### Material to process

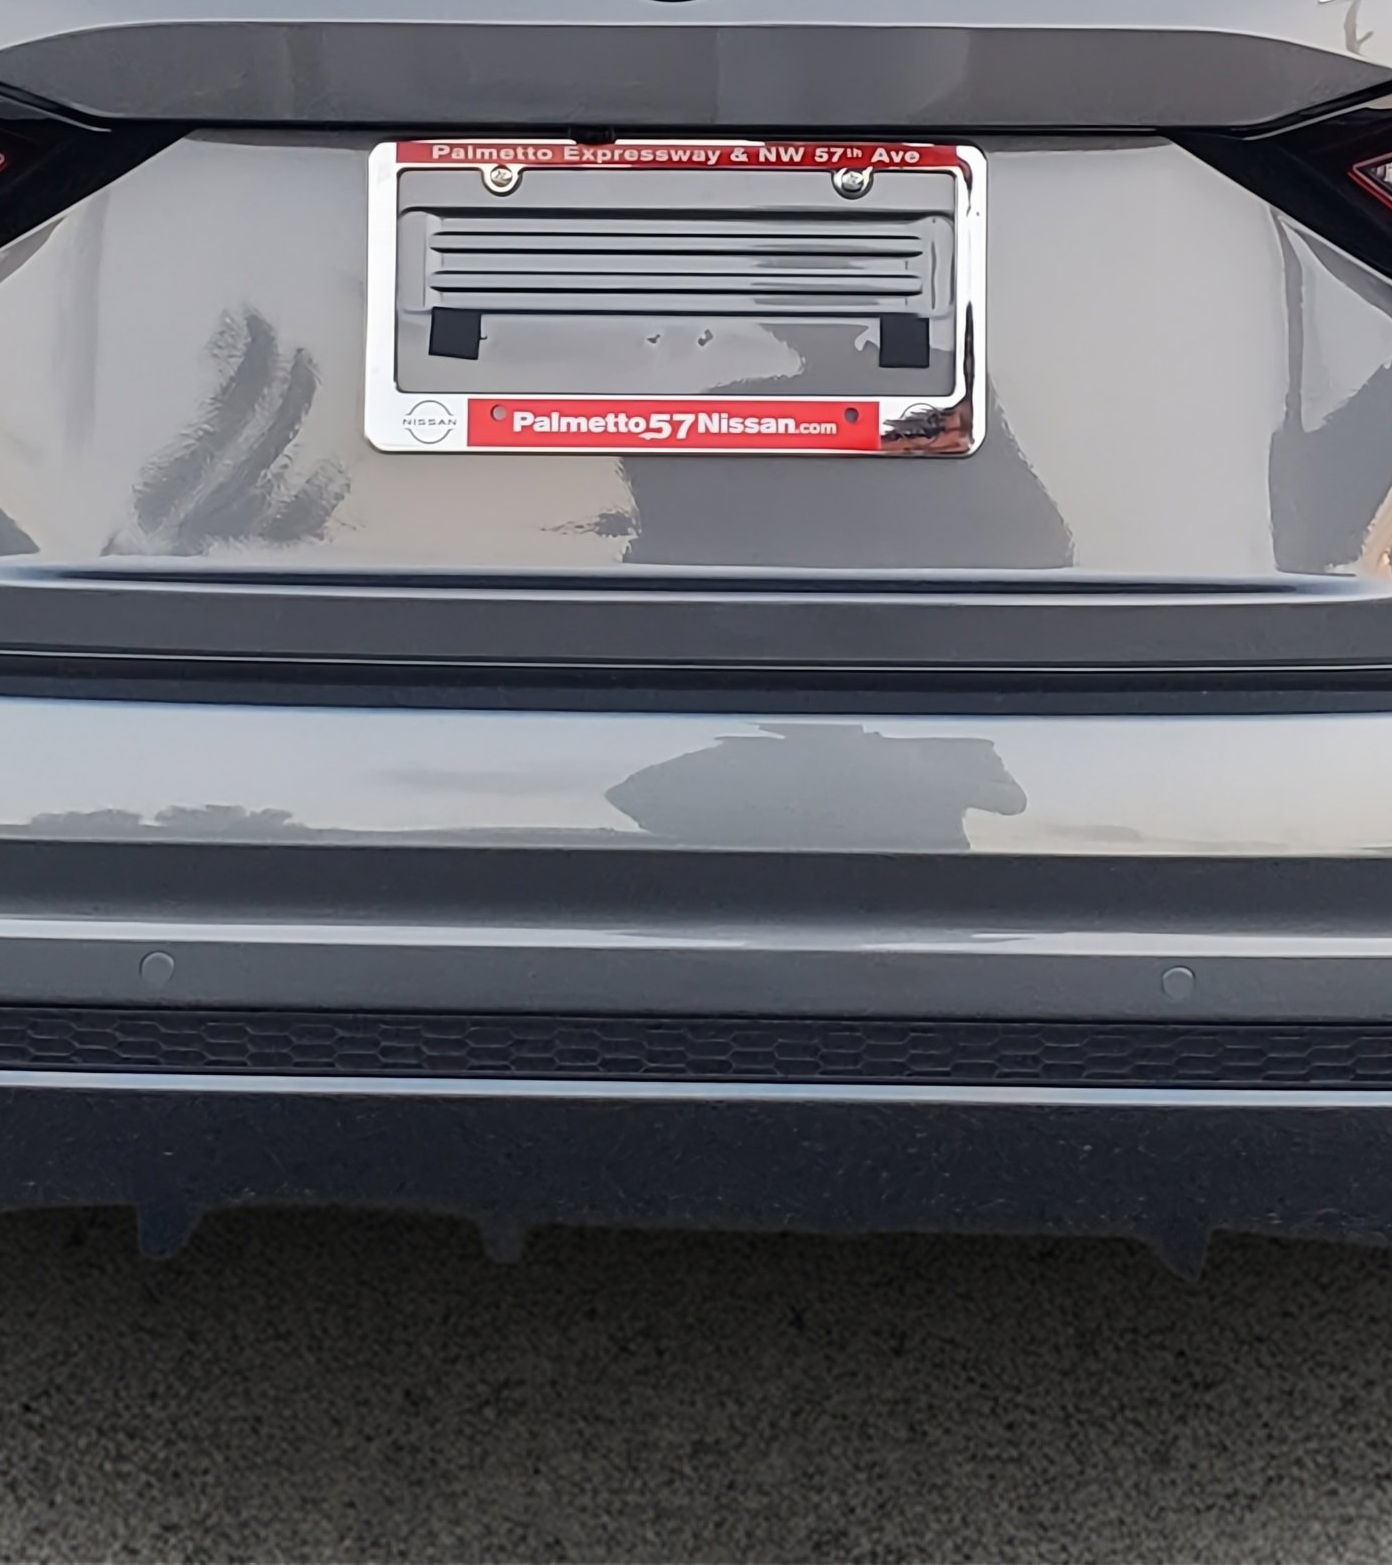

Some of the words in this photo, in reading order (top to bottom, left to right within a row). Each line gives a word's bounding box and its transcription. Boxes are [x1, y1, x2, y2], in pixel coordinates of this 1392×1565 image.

[432, 144, 553, 161] Palmetto
[563, 146, 721, 165] Expressway
[730, 147, 749, 162] &
[759, 146, 805, 163] NW
[871, 147, 920, 164] Ave
[402, 418, 458, 427] NISSAN
[512, 410, 837, 441] Palmetto57Nissan.com
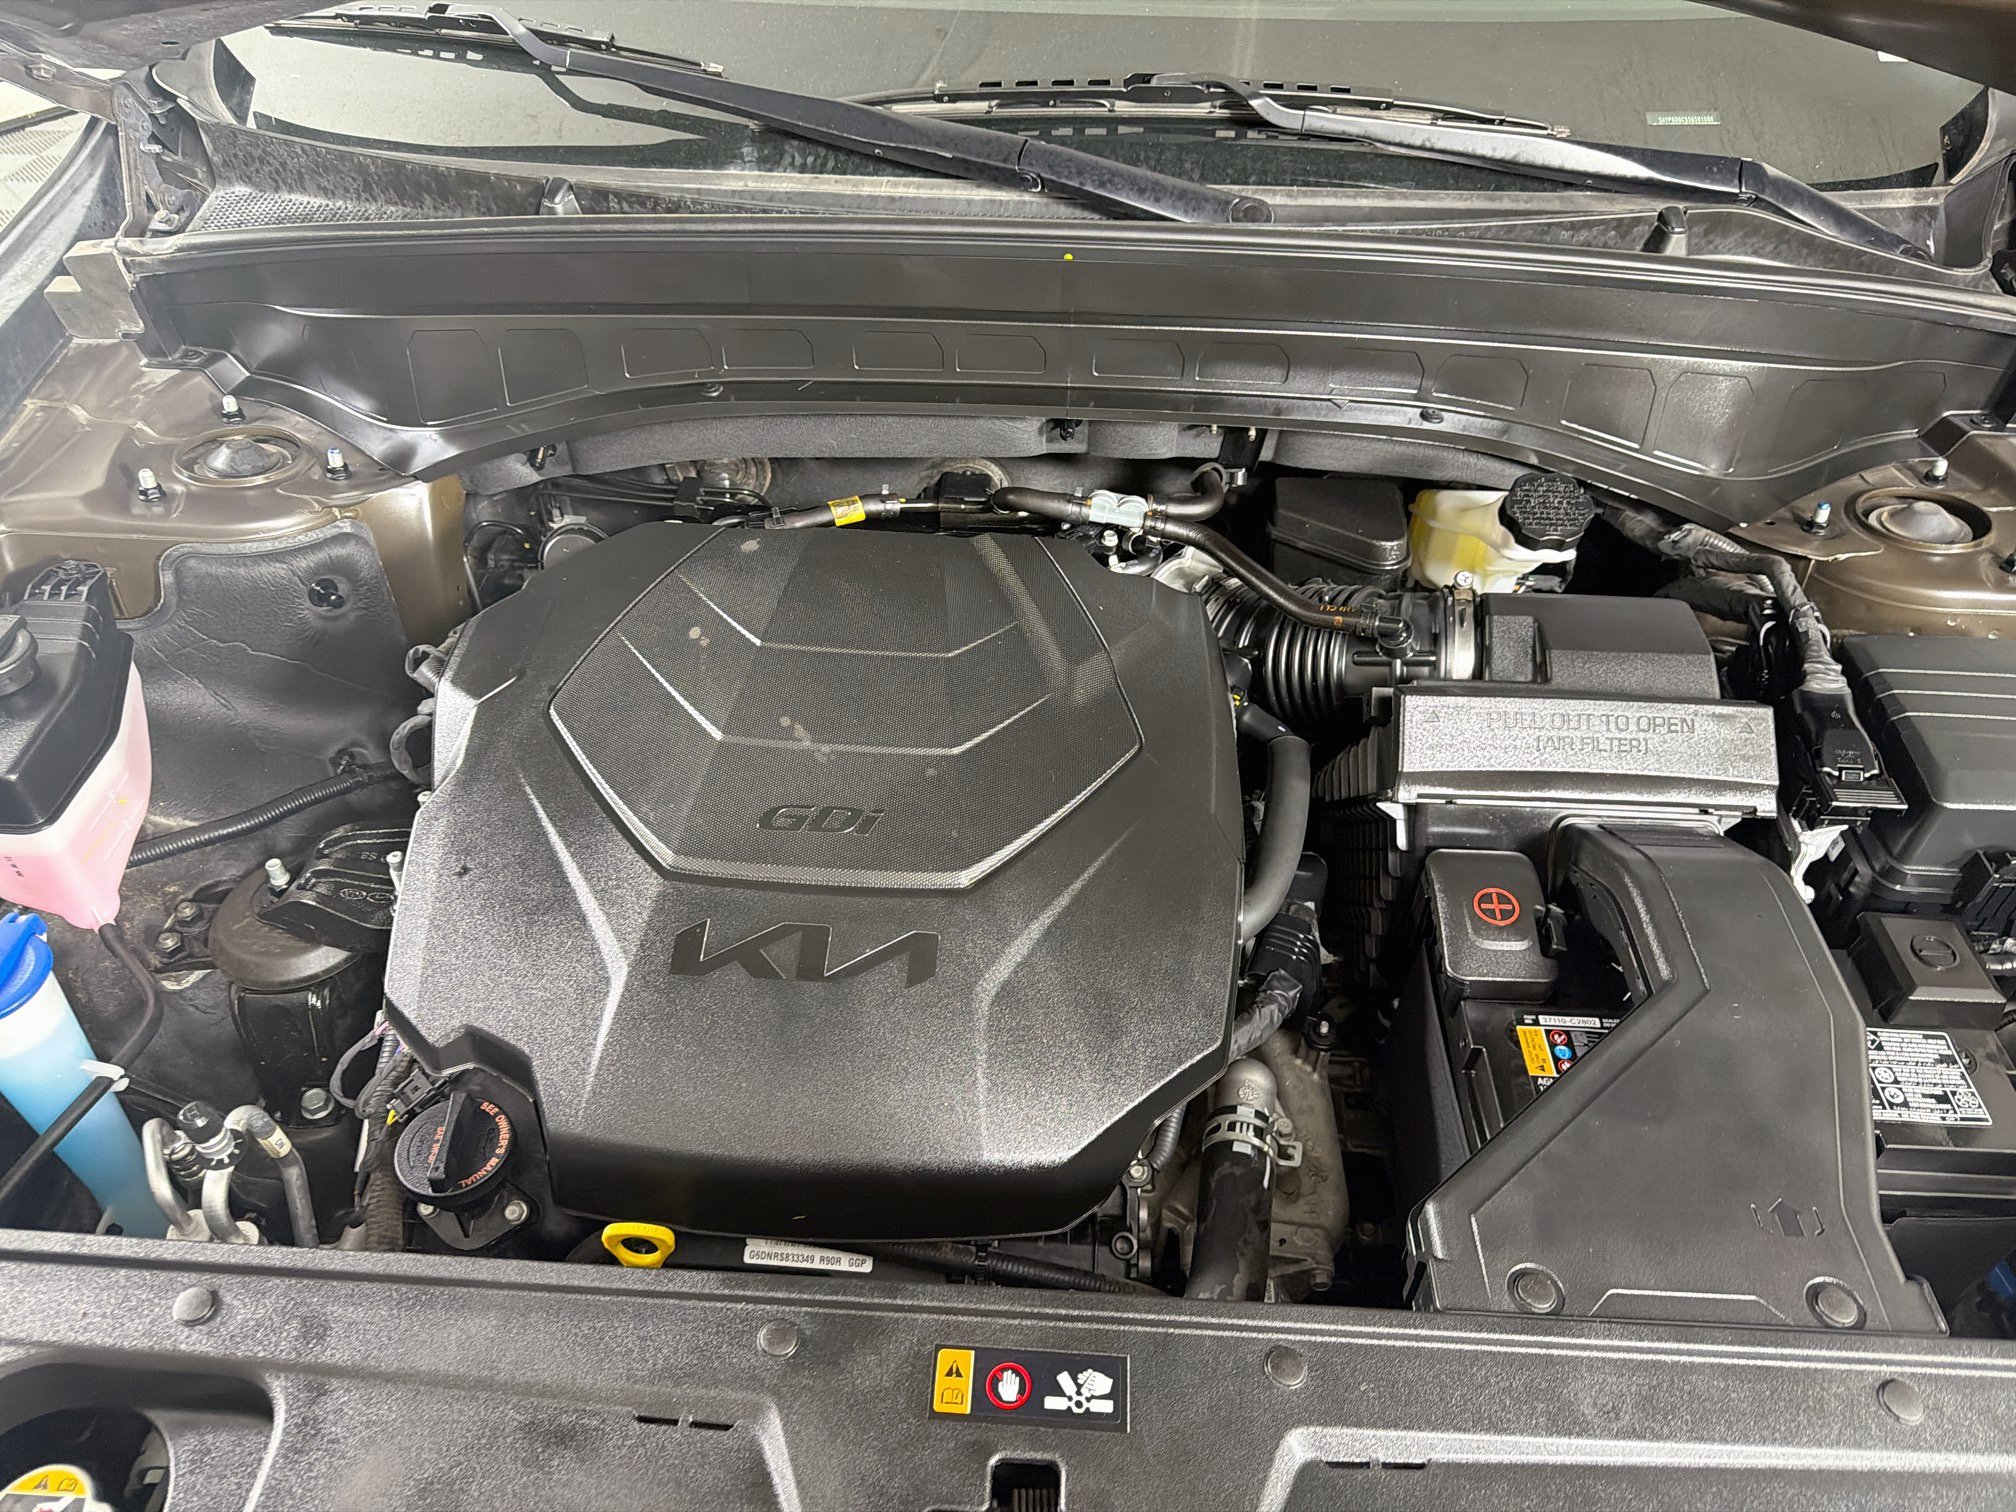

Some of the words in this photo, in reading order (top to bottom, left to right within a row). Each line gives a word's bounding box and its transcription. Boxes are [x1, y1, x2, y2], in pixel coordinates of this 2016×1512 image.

[1486, 710, 1544, 729] PULL
[1550, 713, 1594, 731] OUT
[1601, 714, 1630, 732] TO
[1636, 715, 1695, 734] OPEN
[480, 1101, 500, 1116] SEE
[494, 1114, 512, 1155] OWNER'S
[457, 1156, 500, 1188] MANUAL
[848, 1257, 867, 1268] GGP
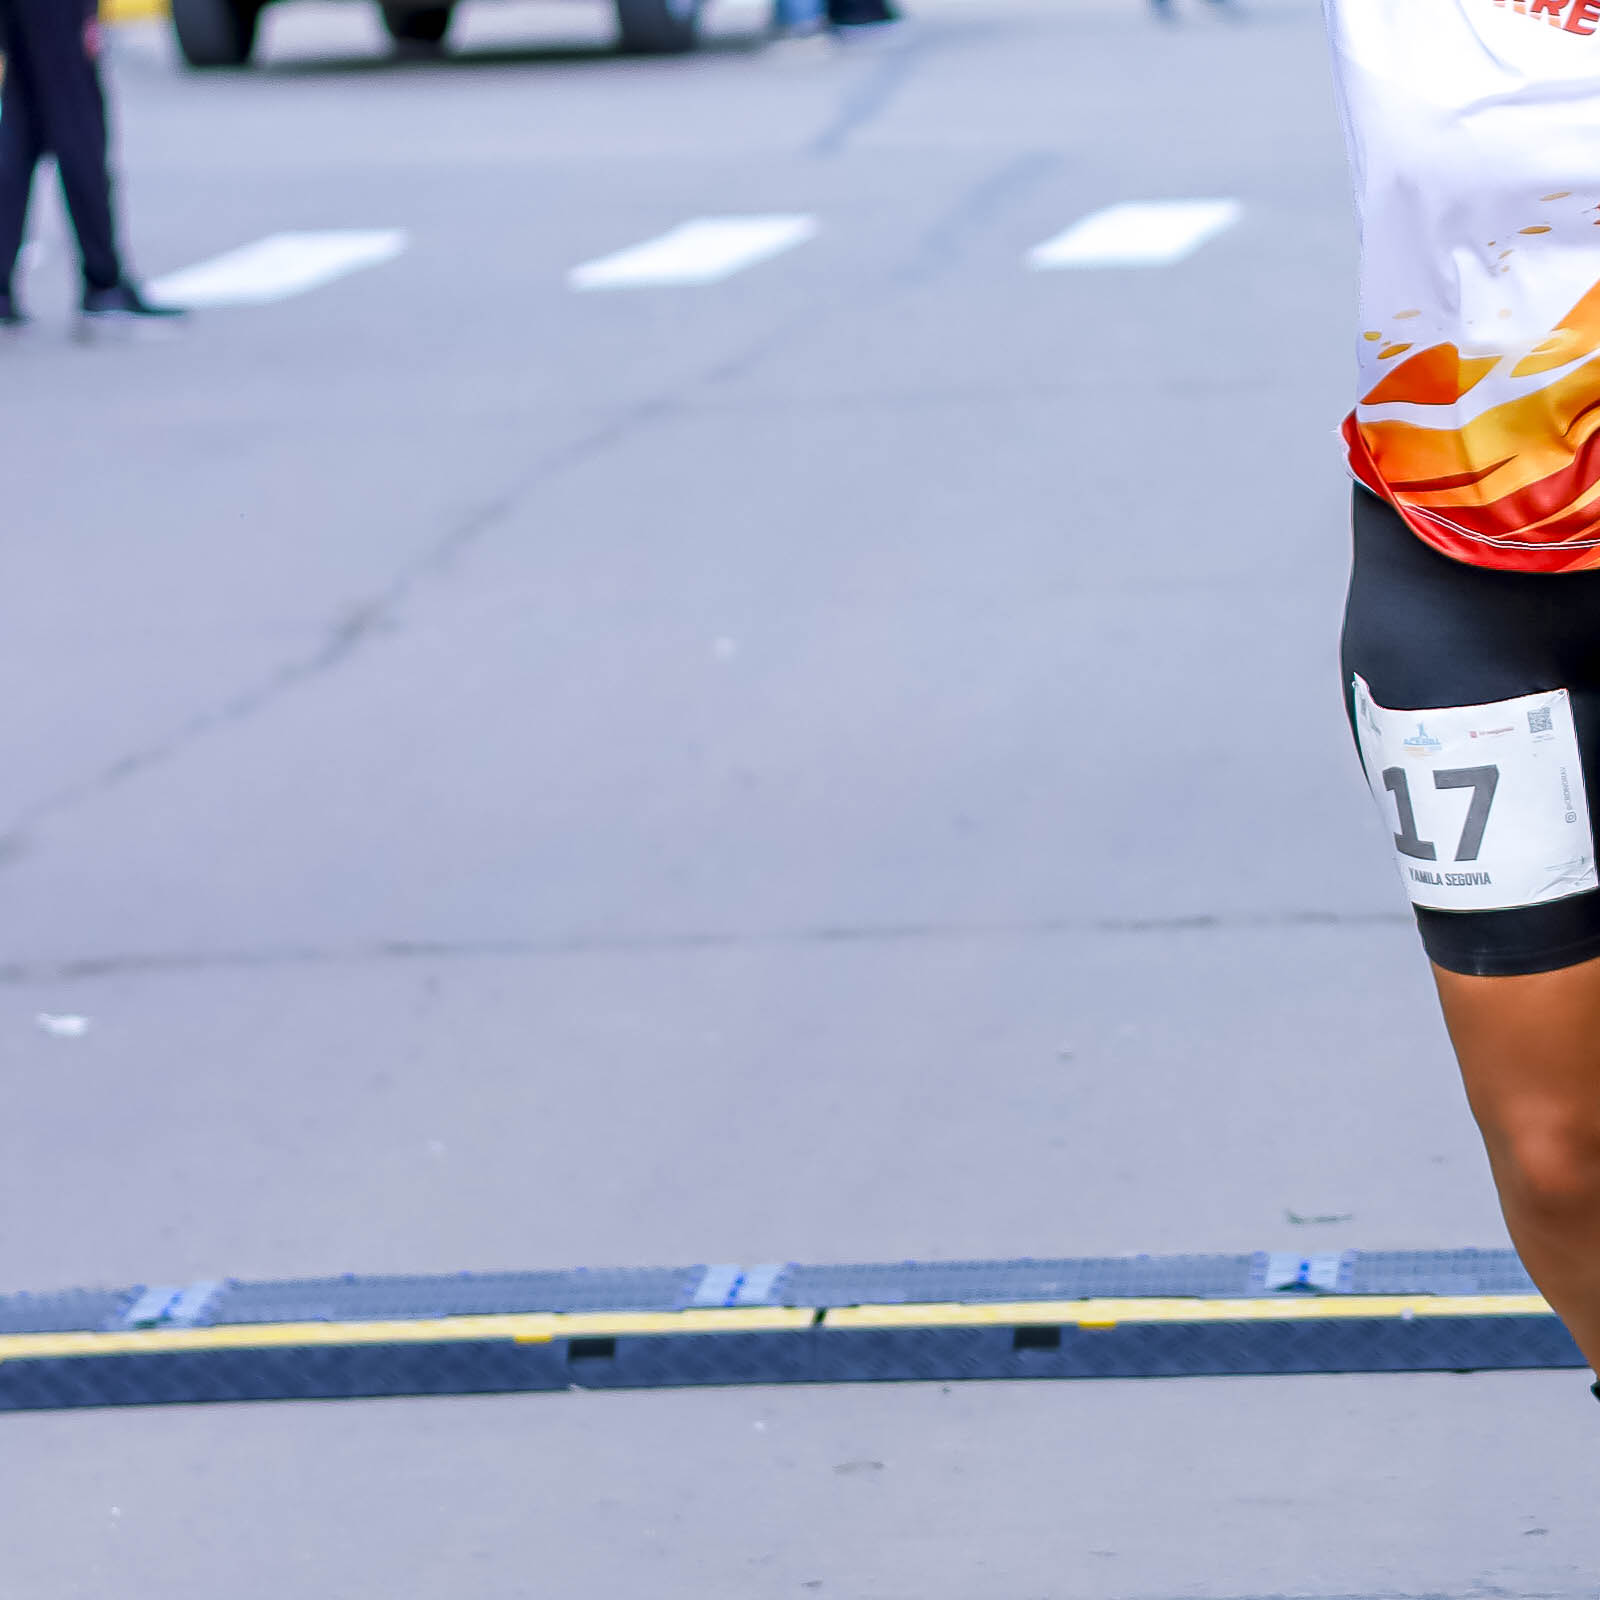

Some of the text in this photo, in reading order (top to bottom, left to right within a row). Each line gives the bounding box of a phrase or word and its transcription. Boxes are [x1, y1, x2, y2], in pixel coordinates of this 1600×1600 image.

### Required work
Before duplicating the entries above, strip out the pictures and keep the rest exact.

### Response
Some of the words in this photo, in reading order (top to bottom, left to right within a row). Each line gives a word's bounding box and its transcription. Boxes are [x1, y1, x2, y2], in pixel coordinates of this 1392×1565 image.

[432, 144, 553, 161] Palmetto
[563, 146, 721, 165] Expressway
[730, 147, 749, 162] &
[759, 146, 805, 163] NW
[871, 147, 920, 164] Ave
[402, 418, 458, 427] NISSAN
[512, 410, 837, 441] Palmetto57Nissan.com

Some of the words in this photo, in reading order (top to bottom, left to right within a row). Each line gives a word's bounding box and its transcription. Boxes are [x1, y1, x2, y2], in pixel coordinates of this 2016×1512 image.

[1486, 710, 1544, 729] PULL
[1550, 713, 1594, 731] OUT
[1601, 714, 1630, 732] TO
[1636, 715, 1695, 734] OPEN
[480, 1101, 500, 1116] SEE
[494, 1114, 512, 1155] OWNER'S
[457, 1156, 500, 1188] MANUAL
[848, 1257, 867, 1268] GGP

Some of the text in this photo, in reading order (top to bottom, left to right within a row). Each line gives the bounding box of a phrase or word and its transcription. Boxes are [x1, y1, x2, y2], in pixel coordinates of this 1600×1600 image.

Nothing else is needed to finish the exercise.